On April 27 Philadelphia University recognized fashion icon and RISD honorary trustee Nicole Miller 73 AP with its 2013 Spirit of Design Award. Presented as part of the university’s Spirit of Innovation Awards Gala, it was given in appreciation of the outstanding contributions she has made to the world of design and the inspiration she provides to students and young designers.
“Nicole connects with a broad range of customers, and her body-conscious designs are artfully shaped to best flatter a woman’s body,” notes Clara Henry, director of Philadelphia University’s Fashion Design Program. “She is also known for developing innovative textiles for her collections and for her fanciful, bright prints for men's ties.”
Despite the demands of running a high-profile design business, Miller often hosts RISD students at her NYC headquarters and serves as a visiting critic and lecturer. She continues to maintain a close connection with the Apparel Design department, noting that her experience here was critical to her own development as a designer. “Foundation Studies alone was so great, so challenging,” she says. “It showed me a methodology, a unique way of thinking about things and a method for taking on challenging projects.”
In 1986 Miller opened her first New York boutique on Madison Avenue, which marked a major milestone in her ascendancy in the fashion world: She had been working as a designer for clothing company P.J. Walsh when her trademark blend of inventiveness, meticulous attention to detail and business savvy caught the attention of the company's president, Bud Konheim. In 1982 he renamed the company Nicole Miller, launching a label that has expanded far beyond women’s apparel – to handbags, footwear, jewelry, bridal wear and men’s sportswear.

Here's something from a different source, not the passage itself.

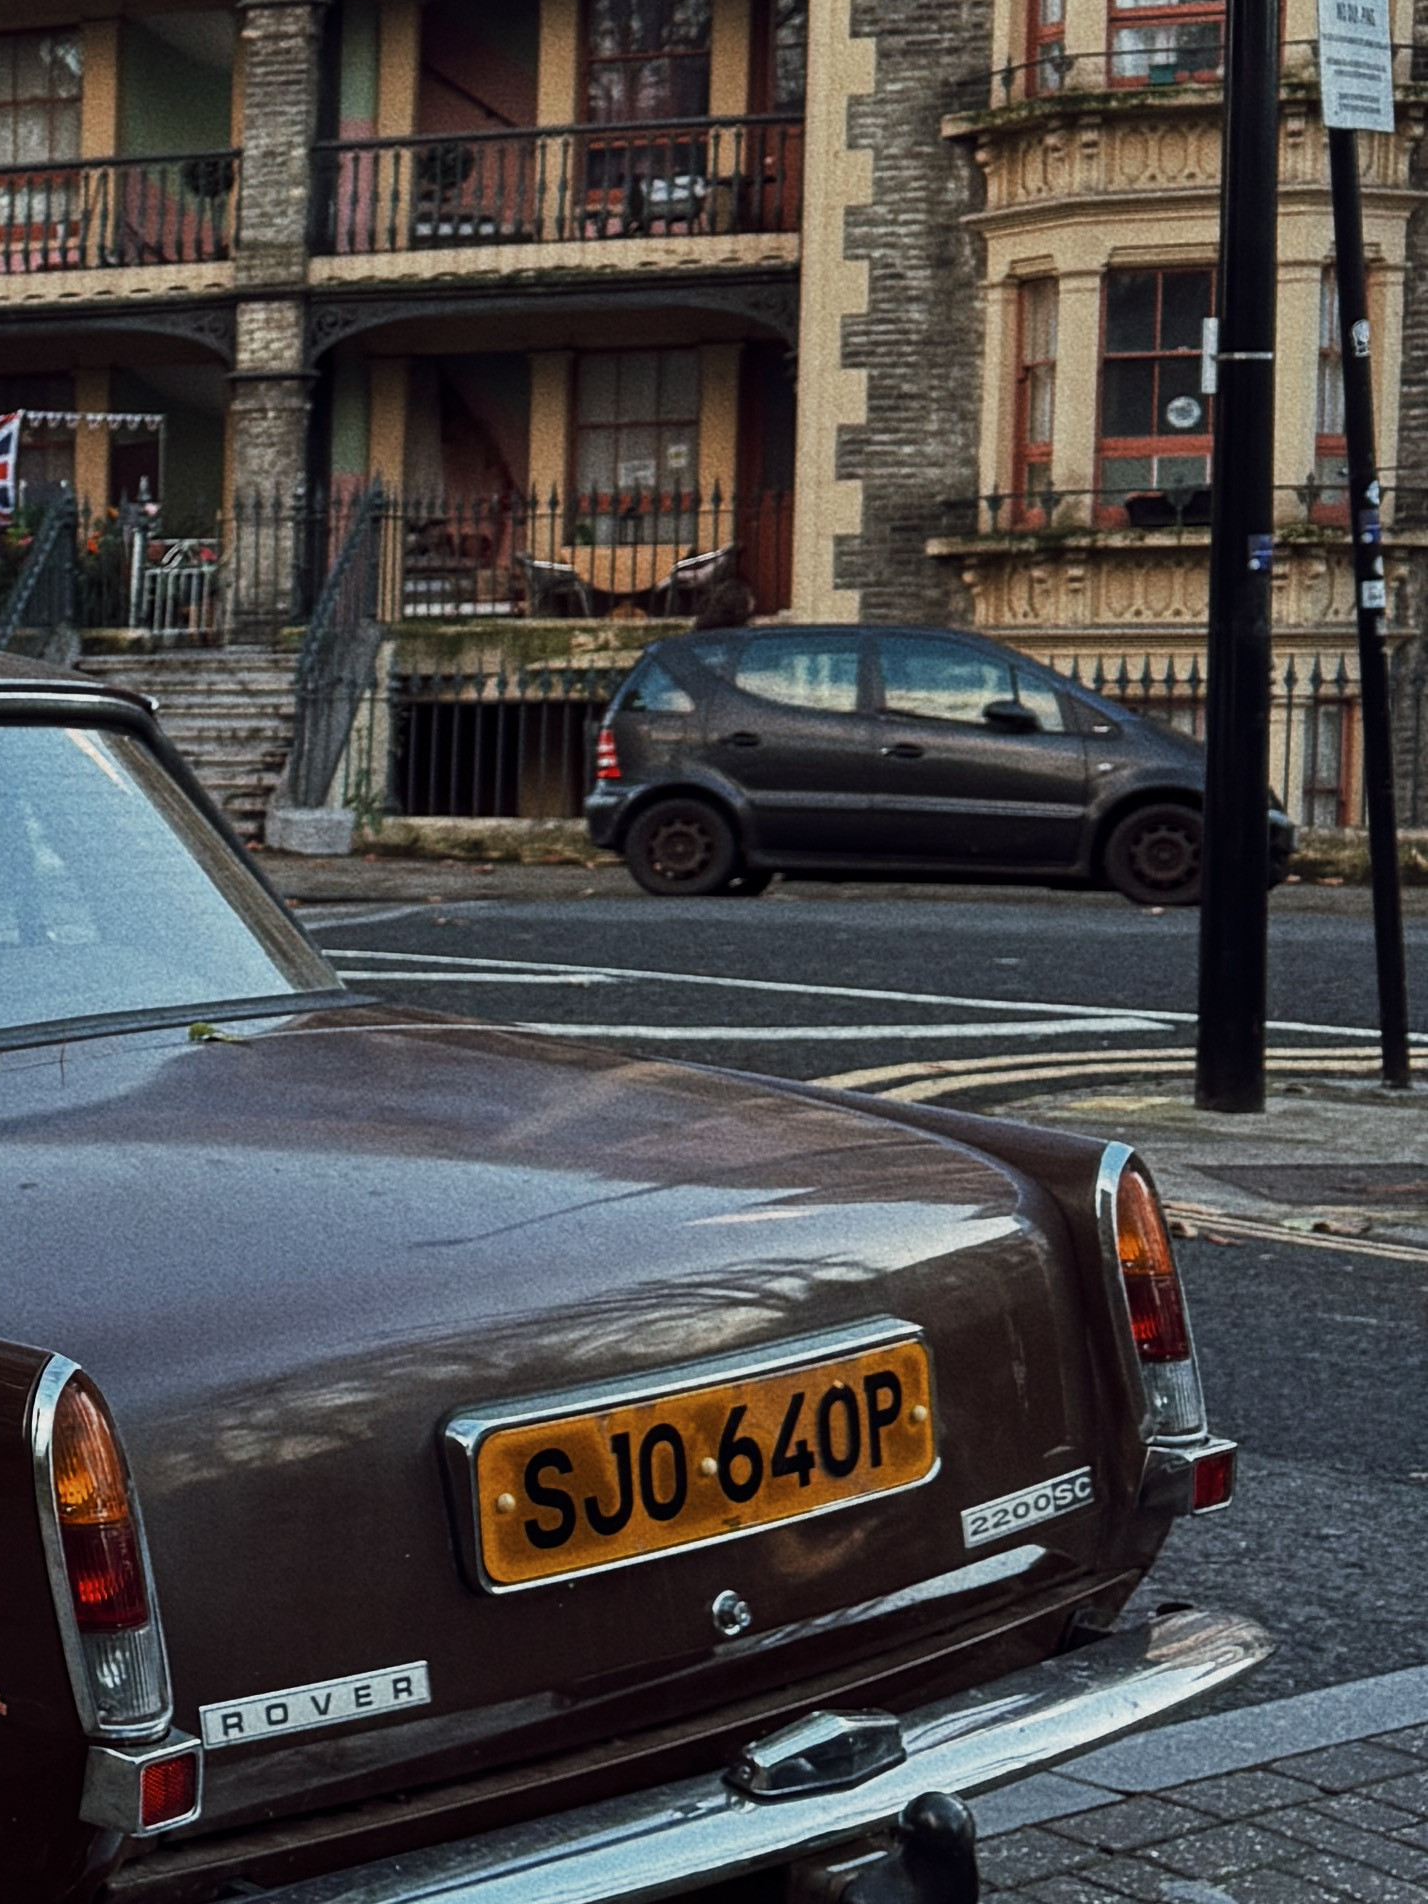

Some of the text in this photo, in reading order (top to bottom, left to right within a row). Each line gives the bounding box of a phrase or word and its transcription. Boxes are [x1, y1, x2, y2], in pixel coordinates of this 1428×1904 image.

Now, with 15 namesake boutiques nationwide and more than 1,000 specialty and department stores carrying her designs, Miller still thinks fondly of RISD and appreciates that “RISD-educated designers are far more experimental than at other schools. They really push the boundaries,” she says, “so you see a lot more innovation.”
Known for the superior cut and construction of her dresses as well as her striking graphic prints, Miller has built her premier label by avoiding trendy fads in favor of designs that are classic and dramatic at the same time. Her dresses are worn by some of the brightest stars in Hollywood (including Halle Berry and Angelina Jolie), yet she has also worked with inexpensive outlets such as J.C. Penney to create elegant lifestyle lines that “real women” can afford.
Miller has often credited her father, an engineer, and her Parisian-born mother, who gave her an early taste of French style, as influences in the evolution of her signature style. “A lot of my clothes really require a lot of engineering and very complex pleating,” she says. “I like things that are a challenge to be made, rather than something that’s simple. The complexity of engineering in the clothing is one of the most fun parts to me.”